La nuova rete edge si propone come un elemento abilitante anche per i servizi destinati alle amministrazioni locali, aprendo la strada ad applicazioni evolute nei settori della mobilità, della sanità, dell’ambiente e della sicurezza. La vicinanza fisica tra centri di calcolo e bacini d’utenza agevola inoltre la tutela della sovranità dei dati, nel pieno rispetto del quadro normativo vigente.
La tabella di marcia dell’iniziativa registra già importanti traguardi operativi: avviata a dicembre 2025 con i test sulle soluzioni di edge cloud nazionale, la fase sperimentale è approdata a marzo 2026 sul palcoscenico internazionale del Mobile World Congress di Barcellona, confermando le potenzialità della rete come piattaforma distribuita ad alte prestazioni.

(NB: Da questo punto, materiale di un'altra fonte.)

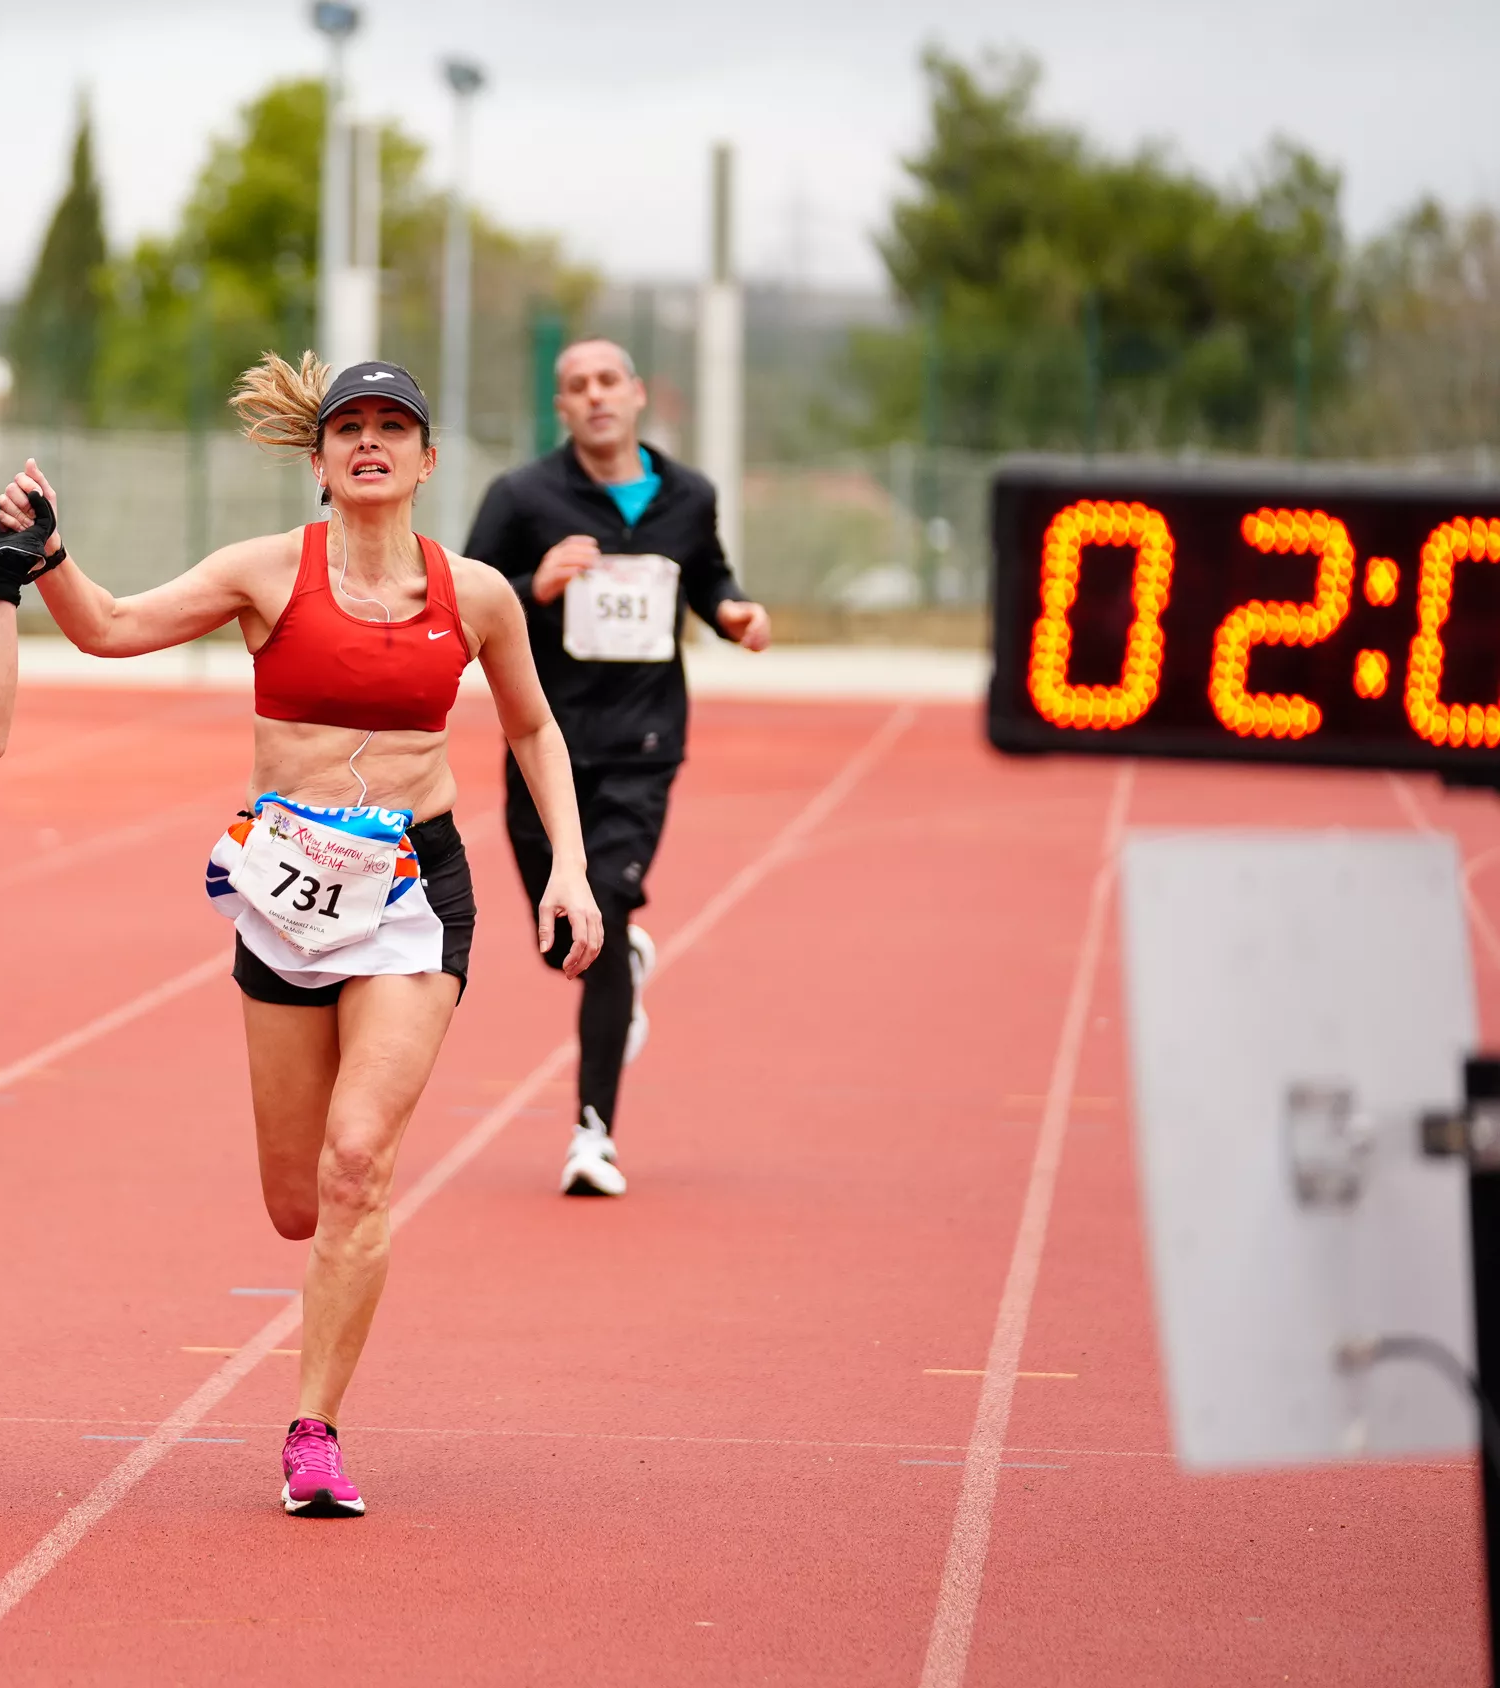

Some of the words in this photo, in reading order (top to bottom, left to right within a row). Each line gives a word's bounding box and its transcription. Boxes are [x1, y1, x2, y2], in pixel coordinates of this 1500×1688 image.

[596, 593, 649, 621] 581
[306, 845, 349, 871] LUCENA
[270, 860, 343, 919] 731

Il programma si inserisce in un più ampio disegno di modernizzazione tecnologica che prevede la dismissione delle vecchie centrali in rame e la transizione definitiva verso infrastrutture interamente in fibra ottica.
Tramite le attività di ricerca coordinate dal proprio Innovation Hub e le sinergie con atenei, centri d’eccellenza e associazioni di categoria, FiberCop punta a rafforzare la resilienza e la sicurezza delle infrastrutture digitali nazionali ed europee. In quest’ottica rientra l’adozione di soluzioni avanzate per la protezione delle comunicazioni, come la Quantum Key Distribution (QKD), a conferma dell’impegno per un ecosistema tecnologico sempre più autonomo e competitivo.